Brejnev conseille par courrier à Nixon de faire preuve de modération au niveau des bombardements, conseil qui avait déjà été prodigué en 1968 à son prédécesseur. Le président américain voit là une étroite collusion entre Hanoi et Moscou. Kissinger est plus modéré (Kissinger 2, 1979, pp. 1 223-1 224).
2 mai 72 : Nouvelle rencontre secrète Kissinger-Le Duc Tho-Thuy dans le contexte tendu de l’offensive n-v de Pâques démarrée depuis le 30 mars. Les N-V acceptent cette rencontre prévue initialement pour le 24 avril et repoussée plusieurs fois, parles uns et les autres, dans l’attente d’une situation militaire favorable. Ils sont actuellement en position de force et seront donc intraitables.
Nixon a rédigé un mémorandum adressé à Kissinger dans le cadre de cette entrevue : « Oubliez les réactions intérieures. C’est maintenant le meilleur moment pour frapper […] Je parlerai avec vous des déclarations que vous ferez quand vous les verrez, mais pour le moment je pense qu’il faut que vous soyez d’une franchise brutale, dès le début, surtout sur le ton […] En résumé, vous leur direz qu’ils ont violé tous les accords, qu’ils ont relancé la guerre, qu’ils se refusent à négocier sérieusement. Le résultat est que le Président en a assez, et que vous n’avez plus pour eux qu’un message : « Traitez, sinon… » » (Nixon, 1978, p. 440)
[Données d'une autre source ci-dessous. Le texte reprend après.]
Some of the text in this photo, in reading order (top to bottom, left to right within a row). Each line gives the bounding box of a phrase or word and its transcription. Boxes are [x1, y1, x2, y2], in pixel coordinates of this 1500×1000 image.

De son côté, Le Duc Tho accuse les U.S.A. d’avoir rompu le processus des négociations secrètes de la fin 1971. Kissinger perd son sang-froid et accuse les N-V d’être à l’origine de la situation actuelle. Il décide de s’en tenir aux consignes reçues, ne propose pas de cessez-le-feu mais précise que « la proposition politique des États-Unis n’est pas complètement inflexible ». Tho, sans remettre en cause le bienfondé de l’offensive en cours, lui réplique : « Montrez-nous l’étendue de votre flexibilité et je suis prêt à discuter avec vous de cette nouvelle flexibilité. » Et il ajoute, imparable, « nous savons que le temps est de notre côté. »
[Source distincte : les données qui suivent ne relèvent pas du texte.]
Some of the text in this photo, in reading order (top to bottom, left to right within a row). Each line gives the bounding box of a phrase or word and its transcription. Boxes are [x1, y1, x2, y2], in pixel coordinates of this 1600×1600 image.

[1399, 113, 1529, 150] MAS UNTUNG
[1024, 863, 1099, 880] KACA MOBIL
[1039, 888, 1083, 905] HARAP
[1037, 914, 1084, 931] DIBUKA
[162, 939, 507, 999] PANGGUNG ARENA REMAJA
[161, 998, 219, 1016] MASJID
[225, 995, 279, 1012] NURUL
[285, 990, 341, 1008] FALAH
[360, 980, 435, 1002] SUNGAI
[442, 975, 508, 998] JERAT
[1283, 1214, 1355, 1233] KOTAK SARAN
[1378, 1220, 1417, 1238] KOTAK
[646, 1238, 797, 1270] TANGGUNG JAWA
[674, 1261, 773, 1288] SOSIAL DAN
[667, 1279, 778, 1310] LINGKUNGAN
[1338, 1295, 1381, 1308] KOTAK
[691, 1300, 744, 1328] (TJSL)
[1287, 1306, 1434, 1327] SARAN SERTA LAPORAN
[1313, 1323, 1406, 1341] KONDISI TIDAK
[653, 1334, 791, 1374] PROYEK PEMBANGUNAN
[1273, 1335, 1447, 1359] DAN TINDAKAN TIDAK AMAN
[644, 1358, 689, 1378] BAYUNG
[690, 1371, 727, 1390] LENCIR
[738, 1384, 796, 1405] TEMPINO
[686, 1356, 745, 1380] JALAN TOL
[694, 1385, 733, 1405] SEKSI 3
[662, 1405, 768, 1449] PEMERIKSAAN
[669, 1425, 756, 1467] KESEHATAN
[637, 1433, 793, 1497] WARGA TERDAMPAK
Les N-V reprennent ce qui a déjà été discuté antérieurement, notamment une date pour le retrait total des Américains et n’apportent aucun nouvel élément à la discussion. La proposition de Kissinger d’en revenir à la situation militaire antérieure au début de l’offensive de Pâques est naturellement rejetée. Xuan Thuy évoque à nouveau le départ de Thieu et la mise en place d’un gouvernement « neutraliste » auquel les Américains ne croient pas. La séance est un nouvel échec pour les Américains et Kissinger met fin aux entretiens (Hanhimäki, 2008, pp. 64-65 ; Kissinger 2, 1979, pp. 1 224-1 229).
Kissinger quitte Paris et transmet un rapport à Nixon par le biais de Haig. Ce rapport recommande de « suspendre toute décision tant que nous n’aurions pas analysé les implications de la réunion ». Haig informe Kissinger qu’une base s-v protégeant Hué est tombée. Et Kissinger de conclure : « Si la vieille capitale impériale tombait, nous risquions la débâcle ; le Vietnam du Sud se désintégrerait. » (Kissinger 2, 1979, p. 1 229)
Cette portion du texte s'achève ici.